Color flared in his thin face. “You mean when I am dead!”
“Well,” she said matter-of-factly, “you will die, one day, or become disabled by age. Why deny it? Find a solution, ‘Gosa. Do you think my time as the ducal mistress will last forever? Matra Dolcha, no! My time is limited, and I accept it … he will not keep me as long as he keeps you.”
He had stripped one thumb of nail; now he proceeded to the other. “I don’t know, Gitanna …”
Frustration clamped her teeth shut tightly. He was too shortsighted to fully understand the ramifications of what they needed to do, lest they suffer for its lack of success. “Coddle the boy,” she said. “Earn his trust, his affection. Make yourself indispensable to him.”
“What could I be to a ten-year-old child?”
“’Gosa,” she declared without leavening her disdain, “for a man who paints for a living you have an astonishing lack of imagination.”
It stung, as she intended. “Matra Dolcha, Gitanna—”
“Think,” she said plainly. “Think it through. Paint yourself a portrait, ‘Gosa. Surely you can do that.”
He glared at her, mutilated thumbs forgotten. “If this is how you speak to the Duke, it is no wonder he believes you fit only for bed-play!”
“Bassda,” she said wearily. “Go back to the Palasso and think on what I have said. We have presented it to Baltran in a straightforward manner, and we have failed. It is time for us to try another way.”
“He wants proof.”
“Then we shall have to find it,” Gitanna said calmly. “Or manufacture it.”
Saavedra stopped in the corridor before the narrow door of her tiny estuda’s cell. Beyond it lay her private world where she called her own such things as a bed, a chest containing clothing, a table and stool before the deep-cut window. Little more, save for the necessities: a basin and ewer, a night pot behind a screen. And imagination.
The family believed that privation fed inspiration, that absolute privacy was necessary so that solitude encouraged exploration among the tools at her beck, such things as an understanding of proportion, the way the body fit together in the bending of a wrist, the way a corridor appeared broad at the near end but small at the far. There were classes to teach such things, but solitude refined it; a person left alone often created a world within the mind, and the artist put it to paper, to canvas, brought to life what was not real with such power as paint and chalk.

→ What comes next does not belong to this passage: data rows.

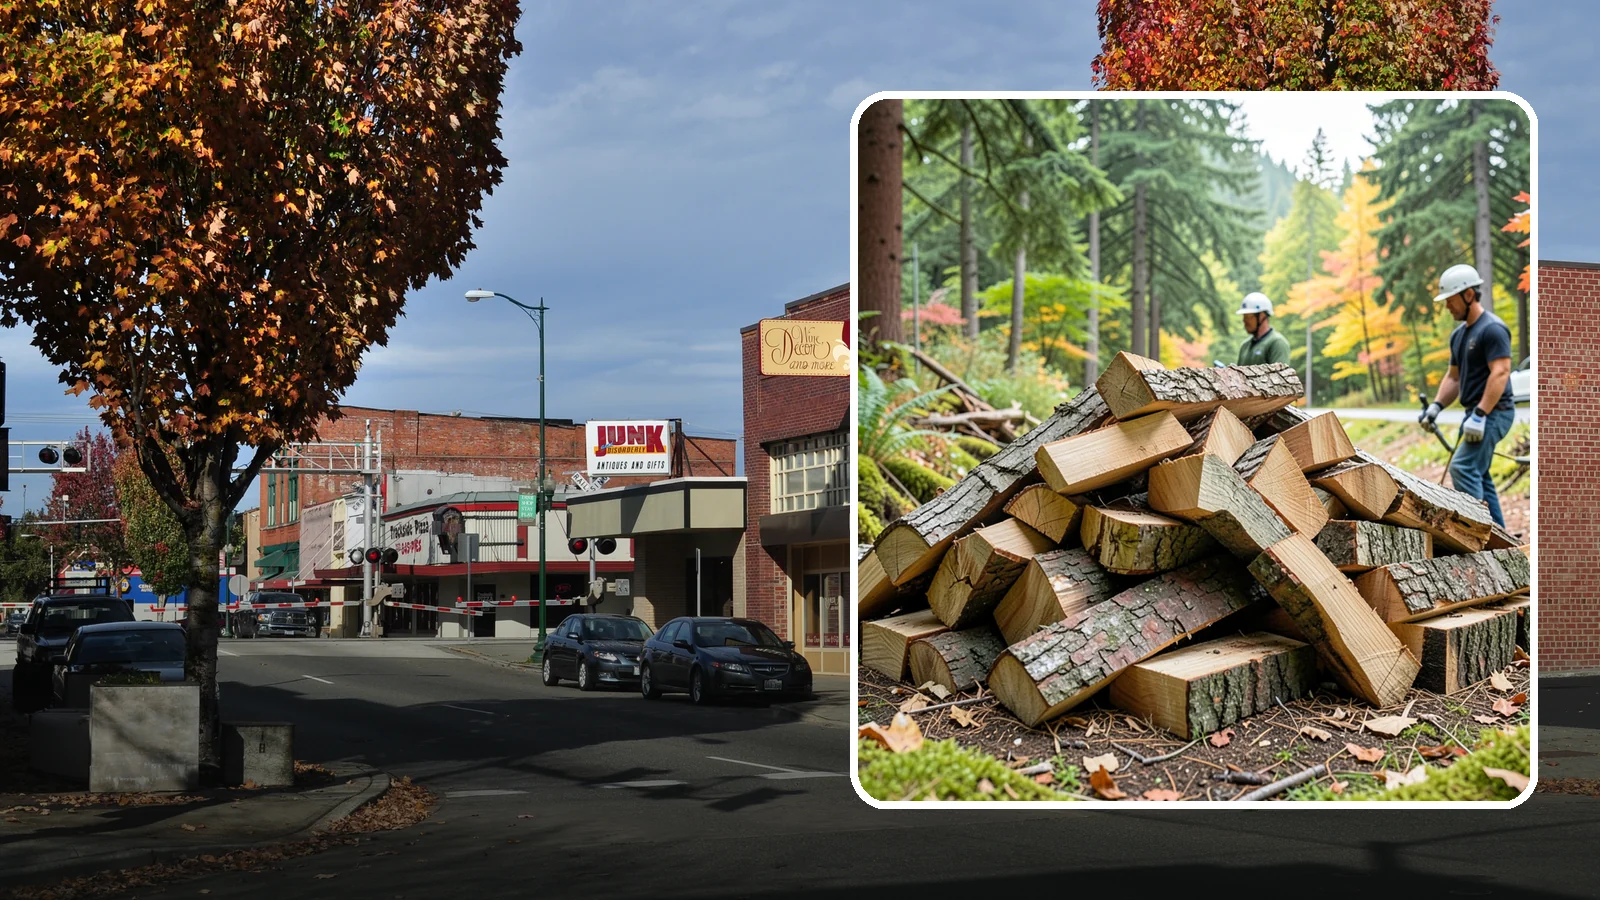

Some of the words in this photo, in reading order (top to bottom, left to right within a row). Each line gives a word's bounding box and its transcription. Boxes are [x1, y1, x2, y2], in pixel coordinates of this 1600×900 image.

[596, 425, 665, 457] JUNK
[607, 446, 646, 454] DISORDERLY
[597, 461, 628, 470] ANTIQUES
[631, 461, 644, 470] AND
[646, 461, 665, 470] GIFTS
[390, 521, 413, 540] Trackside
[414, 519, 429, 535] Pizza
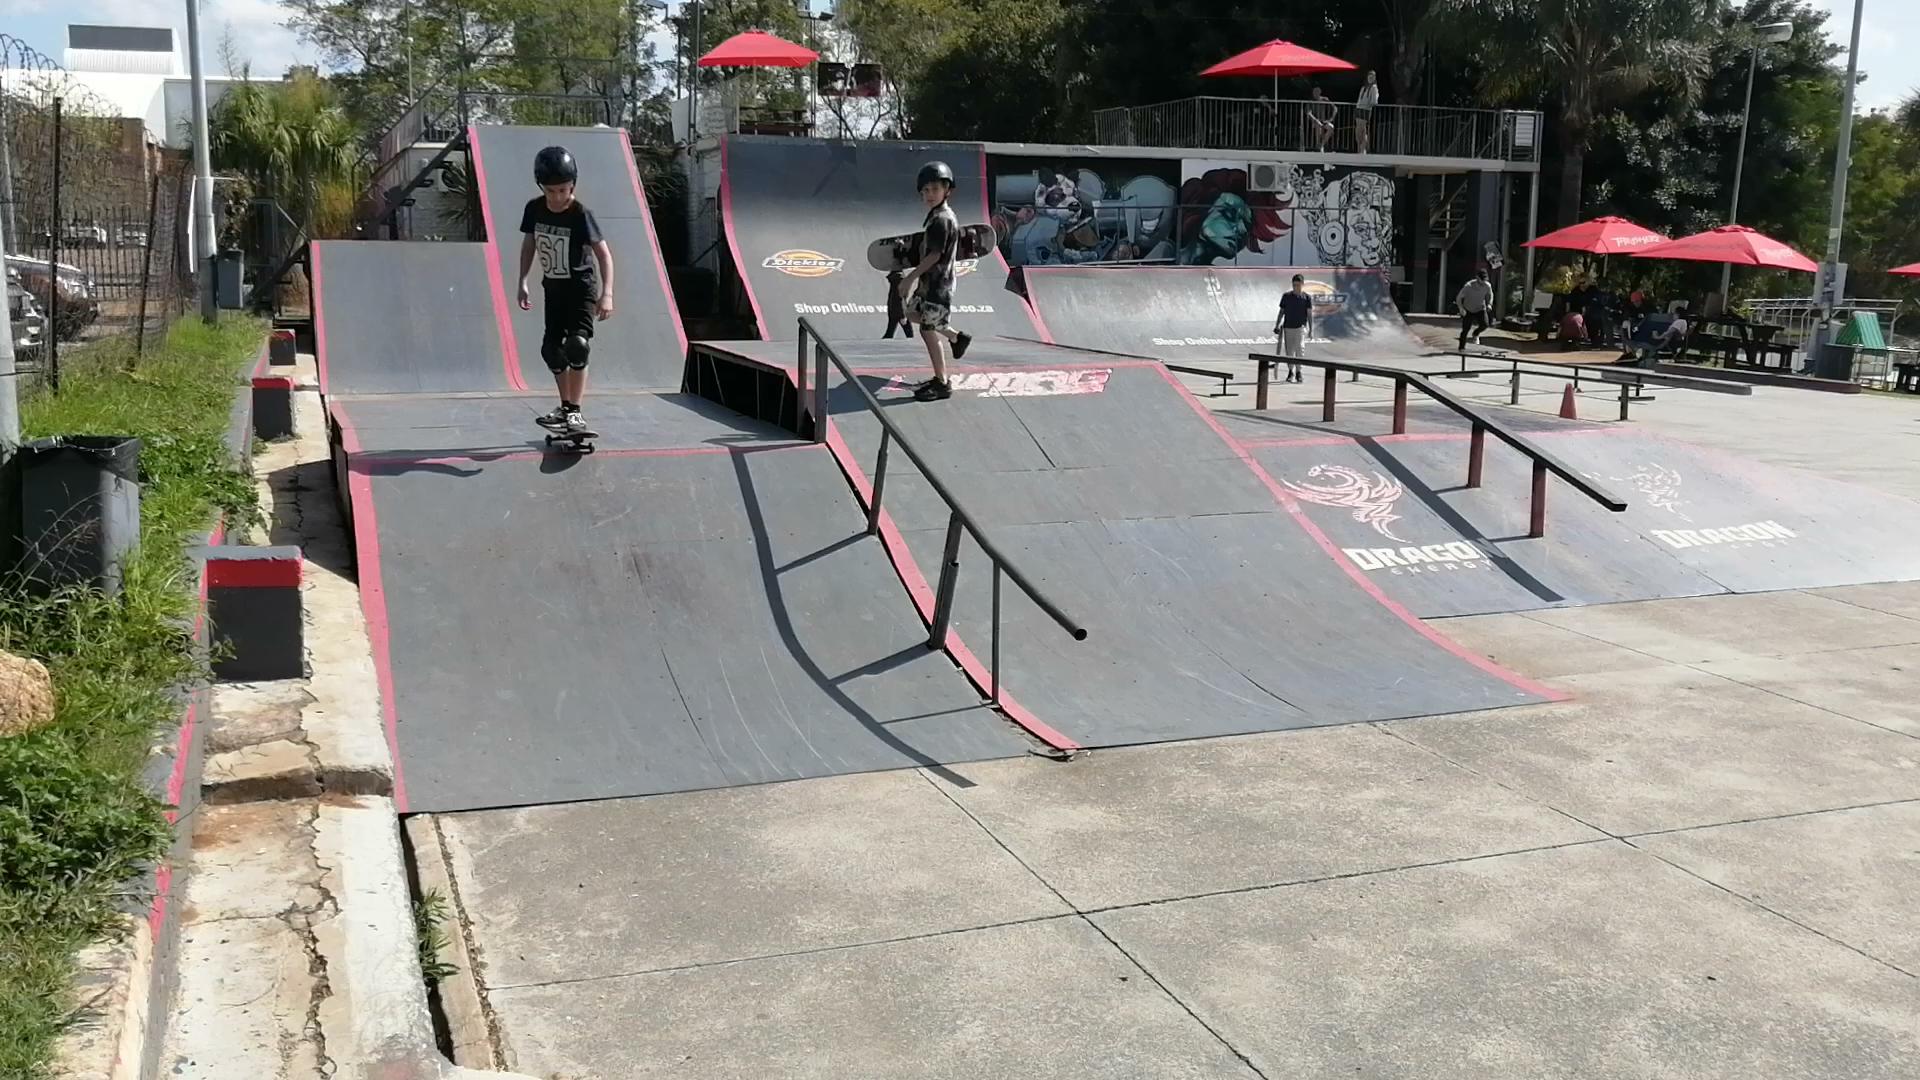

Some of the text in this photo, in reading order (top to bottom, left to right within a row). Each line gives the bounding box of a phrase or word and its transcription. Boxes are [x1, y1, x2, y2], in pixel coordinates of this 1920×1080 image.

[771, 258, 837, 267] Dickies
[794, 302, 829, 315] Shop
[831, 302, 874, 313] Online
[1650, 519, 1798, 549] DRAGON

There were, of course, Grijalvas who did not exhibit the true-talent, who were no more than adequate; even those who lacked all artistic talent. Such persons were not condemned for this lack—the Matra did not bless everyone—but neither were they trained the way those who exhibited talent were. Saavedra was.
She had told Aguo Raimon the truth: Sario was her only friend. He had done her the courtesy of not telling her to find another, and for that she was grateful. Perhaps it was because he understood. He was after all a Grijalva, talented, Gifted— and he knew how the family was run. It was a city within the city, a smaller Meya Suerta that did not claim a Duke save for those men who by consensus had the ordering of the family “city.” Palasso Grijalva, the sprawling cluster of conjoined buildings fed by the blood of its people moving through corridors and courtyards, was a duchy in and of itself. The Grijalvas honored the do’Verradas in all ways—many of them had died for the do’Verradas—but they conducted family business independently, in perfect privacy.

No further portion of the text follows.